Beraprost Upregulates KV Channel Expression and Function via EP4 Receptor in Pulmonary Artery Smooth Muscle Cells Obtained from Rats with Hypoxia-Induced Pulmonary Hypertension

The reduced expression and function of voltage-dependent potassium (K-V) channels have been involved in the pathogenesis of hypoxia-induced pulmonary hypertension (HPH), leading to pulmonary vasoconstriction and vascular remodeling, while the upregulation of K-V channels is of therapeutic significance for pulmonary hypertension. Beraprost sodium (BPS) has been shown to be effective in patients with pulmonary hypertension. However, the effect of BPS on O-2-sensitive K-V channels in pulmonary artery smooth muscle cells (PASMCs) remains unclear.
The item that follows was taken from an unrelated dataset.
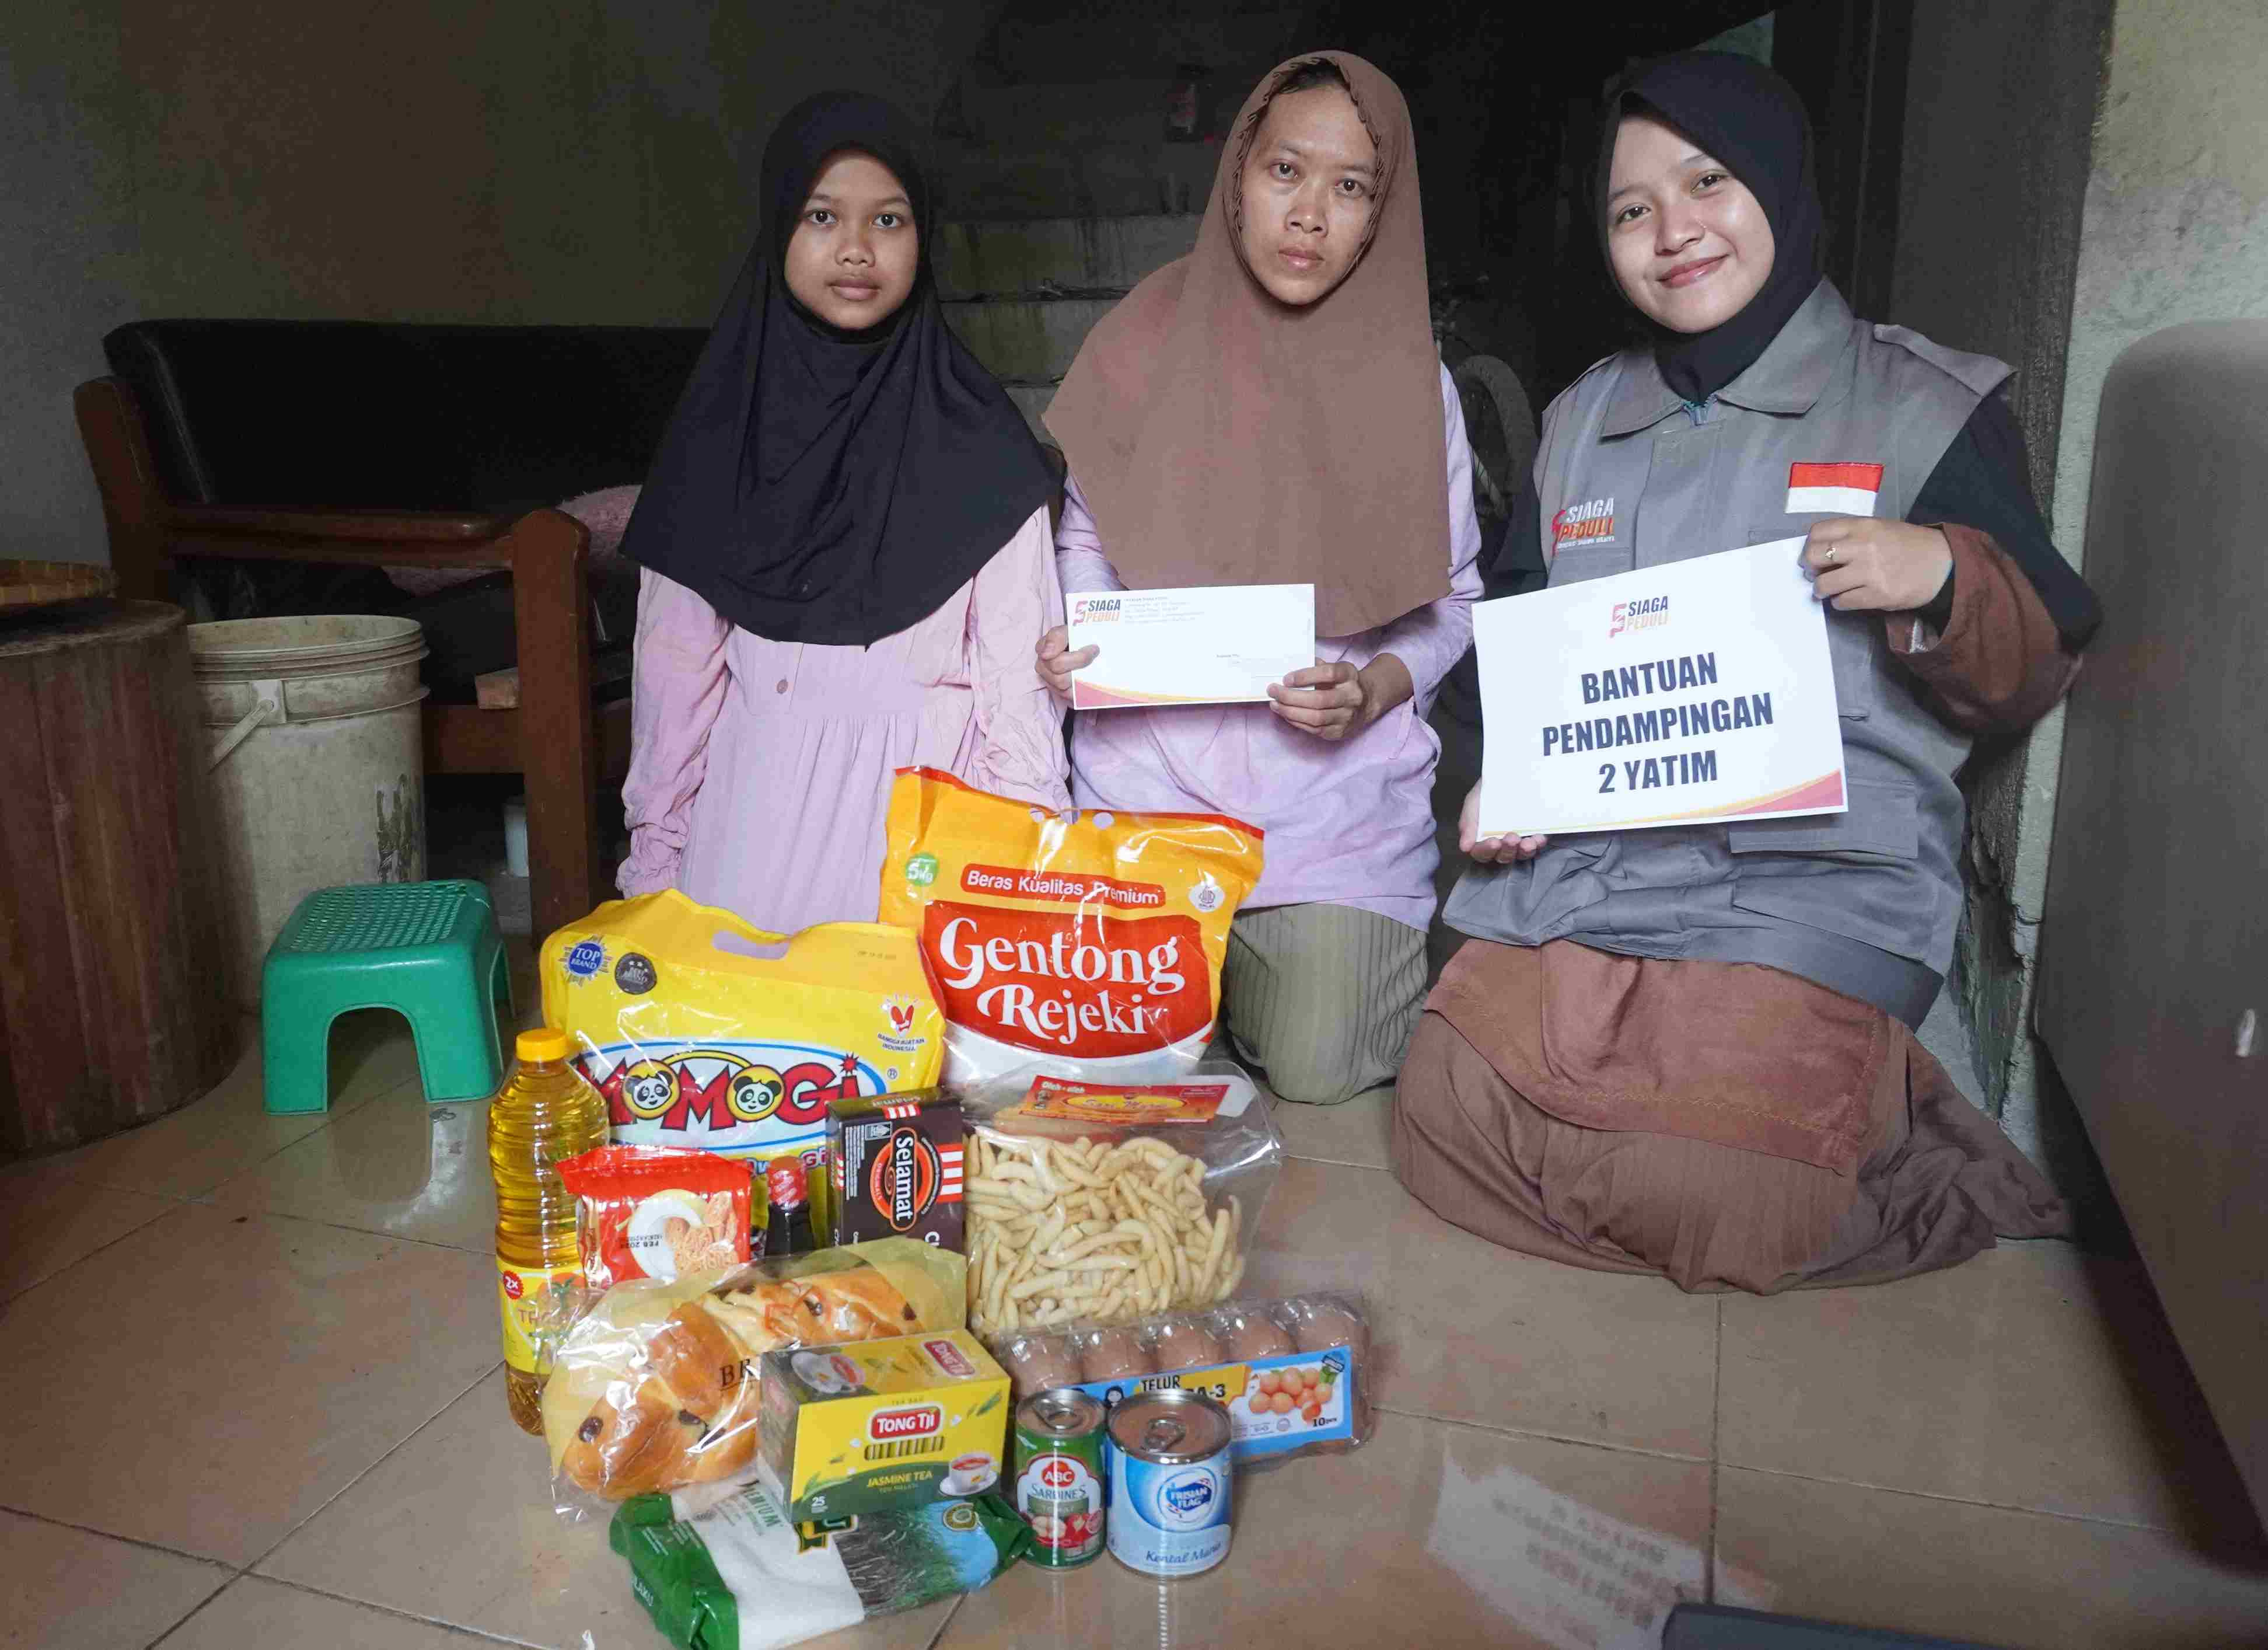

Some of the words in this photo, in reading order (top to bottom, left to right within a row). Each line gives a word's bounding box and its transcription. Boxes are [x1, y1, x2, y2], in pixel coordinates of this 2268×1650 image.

In the present study, the effect of BPS on rats with HPH was observed, and the influence of BPS on the expression and function of O-2-sensitive K-V channels in PASMCs was investigated. The results revealed that BPS reduced mean pulmonary artery pressure, suppressed right ventricular hypertrophy, and attenuated the remodeling of pulmonary arteries in rats exposed to discontinuous hypoxia for 4 weeks (8 h/day). This was accompanied with the significantly upregulated expression of K-V channel alpha-subunits (K(V)1.2, K(V)1.5 and K(V)2.1) and O-2-sensitive voltage-gated K+ (K-V) channel current (I-K(V)) in small pulmonary arteries in HPH model rats, as well as in hypoxia-induced PASMCs. Furthermore, in vitrostudies have revealed that the upregulation of BPS on O-2-sensitive K-V channels was significantly inhibited after treatment with prostaglandin E-2 receptor subtype EP4 antagonist GW627368X. Taken together, these results suggest that BPS attenuates the development of HPH through the upregulation of O-2-sensitive K-V channels, which was probably via the EP4 receptor-related pathway.